The findings of U.S. investigations into the killings are to be made available to the Iraqi government, with only the parts pertaining to security of U.S. forces withheld, he said.

Even with the findings of the U.S. investigations yet to be released, the Haditha incident has the potential to further undermine popular support for the Iraq war in the United States and tarnish the reputation of the Marines Corps.

The shootings also have underlined the immense pressure on U.S. troops in Iraq operate. They are often isolated from Iraqis by language and culture, are away from their families for months at a time, and are fighting a phantom enemy with little sympathy or help from civilians.

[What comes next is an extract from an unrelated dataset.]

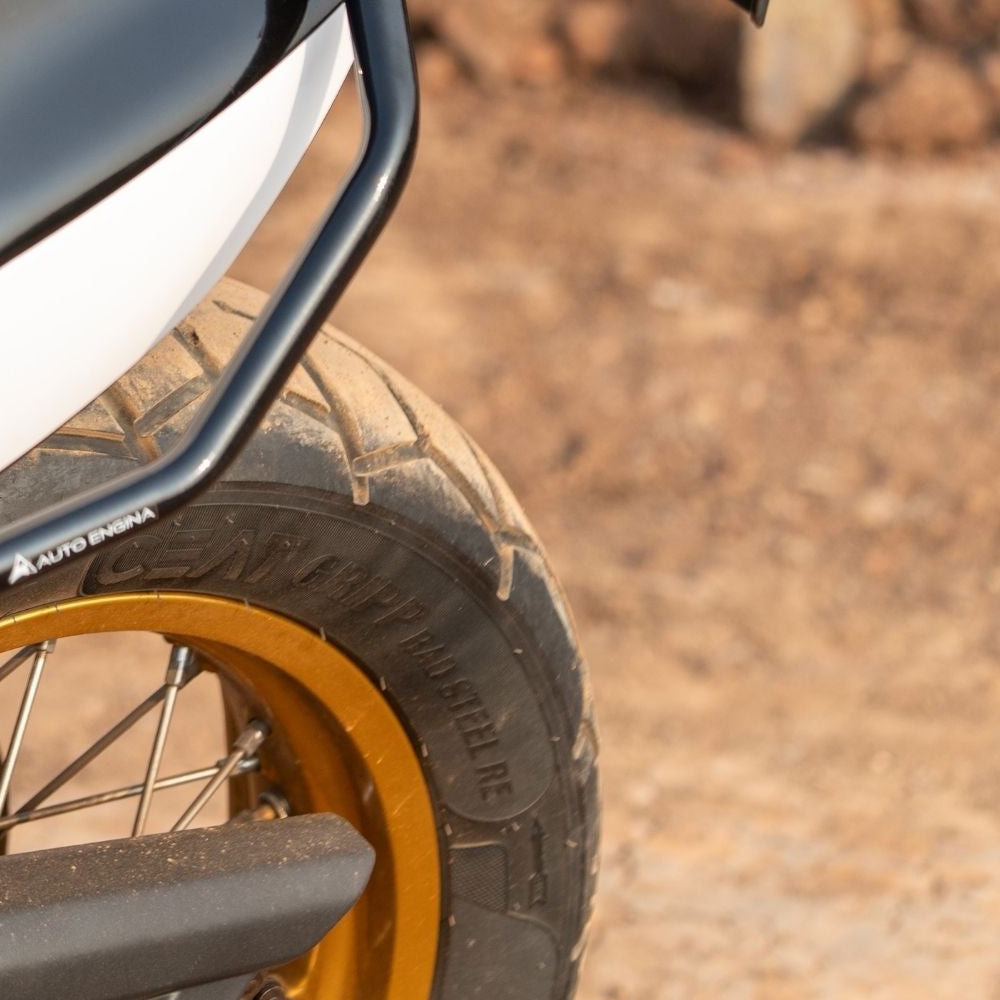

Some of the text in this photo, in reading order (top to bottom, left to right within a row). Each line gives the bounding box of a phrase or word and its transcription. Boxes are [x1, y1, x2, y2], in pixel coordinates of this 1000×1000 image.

[36, 536, 88, 571] AUTO
[87, 506, 156, 546] ENGINA
[96, 528, 311, 586] CEAT

Many Iraqis, on their part, see the Americans and other foreign troops as occupiers who are after the country's oil wealth and accuse them of having little regard for their lives.

Caldwell, the general who is spokesman for the U.S.-led multinational forces in Iraq, said Saturday that allegations that troops are using undue force are a blow to the credibility of the coalition.

"The behavior of our forces is a key component in the overall success of our mission," he told Arab journalists. "The credibility of our coalition forces is too valuable a commodity to squander needlessly. Every incident and allegation, no matter how small, strikes a blow against that credibility."